Снова это загадочное слово, слышанное еще в юности! Что же оно значит — палоккахат? Оказывается, погорельцы. Но я не помню, чтобы Терентьевы пострадали от пожара, жили они в своем, достаточно старом доме.
— А это не имеет значения, — беспечно откликнулась Анна Михайловна. — Может, погорели деды или прадеды, а кличка прилепилась.
Мать умерла давно. Про Ёшу она ничего не слыхала, а Таня вышла замуж… да, его звали Мишкой, Михаилом, фамилия, кажется, Пиккорайнен или похожая. Из Петрозаводска. Адреса она не знает. Если бы съездить в Петрозаводск, нашла бы по памяти и улицу и дом, а почтовый адрес и точная фамилия были ей ни к чему… Эх, Таня-Танюша, по таким данным тебя не разыскать, может, сама отзовешься?!

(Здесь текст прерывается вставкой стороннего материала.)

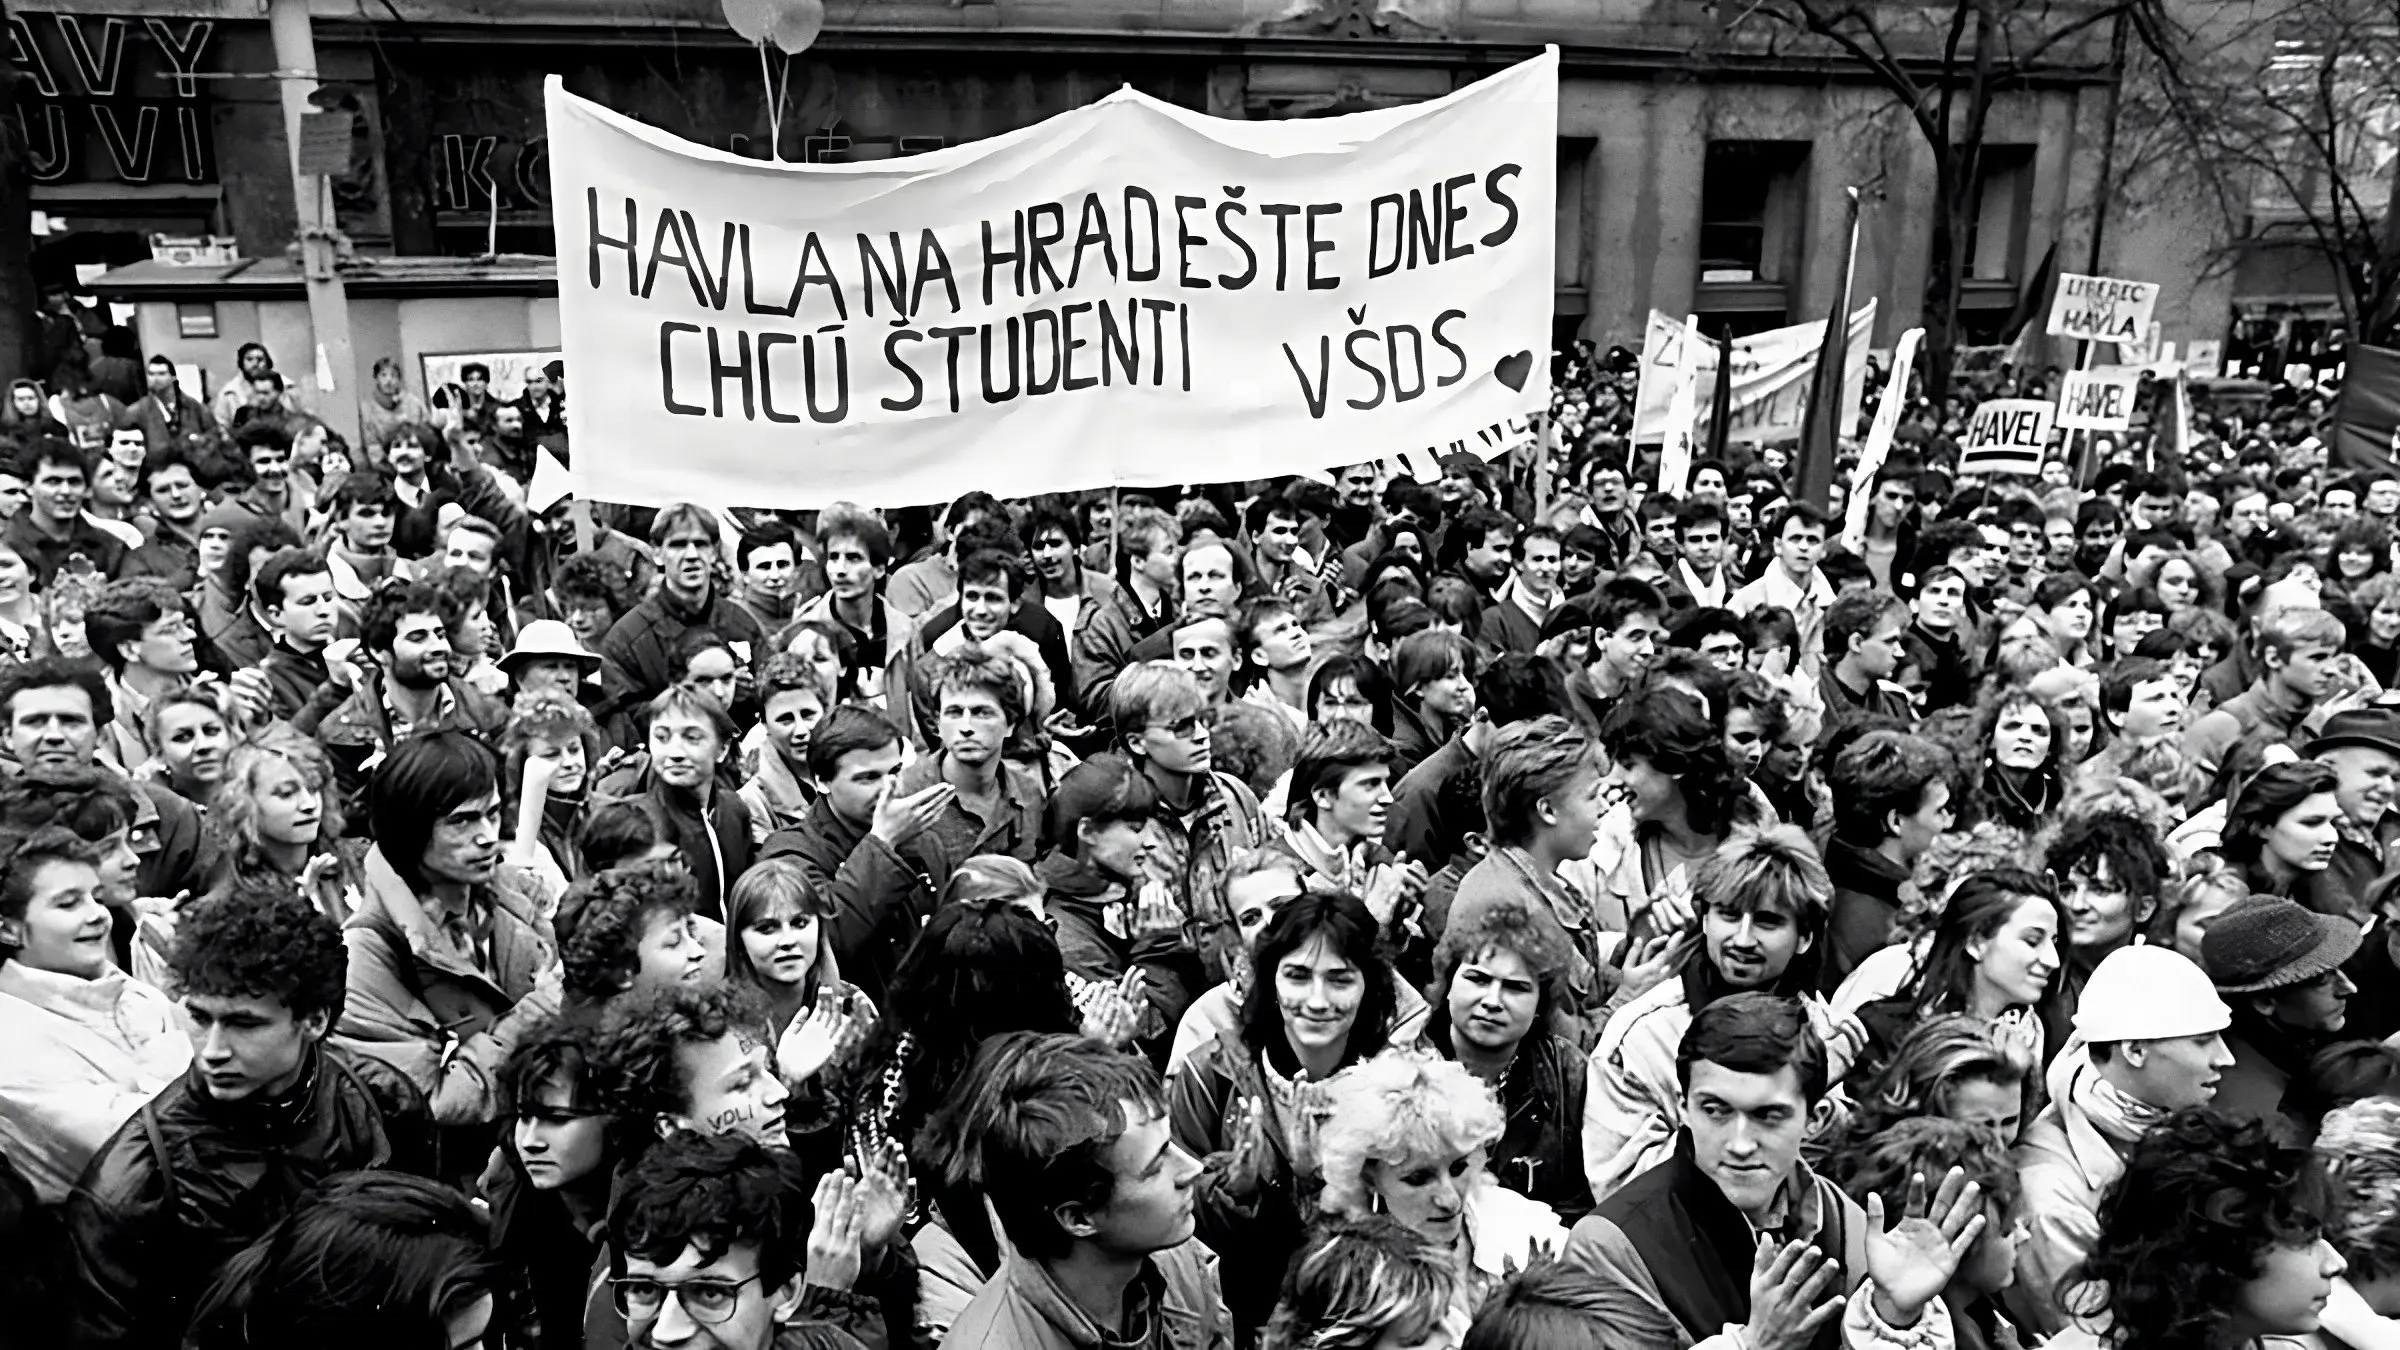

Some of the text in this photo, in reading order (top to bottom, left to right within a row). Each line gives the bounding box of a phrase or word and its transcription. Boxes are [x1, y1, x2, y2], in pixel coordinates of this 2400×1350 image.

Анна Михайловна хотела, как полагается гостеприимной хозяйке, угощать нас чаем, но мы поспешно откланялись — куда уж еще!.. Промелькнул знакомый путь по окраине села и через лес (именно здесь Подумай-ка с горечью говорил, что равенства в таланте и авторитете быть не может, и о пустомелях, и о том, что «есть совесть, так проверку себе устраиваю: что я такое?»). Дорога пошла петлять среди дюн, поросших соснами, тут и там виднелись домики — покрупней и понарядней прежних, и так же неожиданно, как и раньше, распахнулся темно-серый взбаламученный простор Ладоги, и дунул в лицо разбежавшийся на просторе влажный ветер, а с ним запахи воды, гниющих водорослей, рыбы, мокрого песка — неповторимый запах побережья. Все было такое же, как тогда, и немного другое — ноги вязли в рыхлом песке, но на месте развалин старого завода стал завод рыбоконсервный, где в парной духоте, пропитанной стойкими запахами сырой рыбы, обрабатывают корюшку, лосося и даже получаемых из Мурманска треску и скумбрию. Устье реки Видлицы было так же забито сплавным лесом, и так же сколачивали его в прочные плоты для долгого путешествия по коварной Ладоге. И рыбаки, пришедшие с озера, выгружали трепещущую серебристую корюшку, только ходили они за нею не в старых лодках, а на моторных катерах.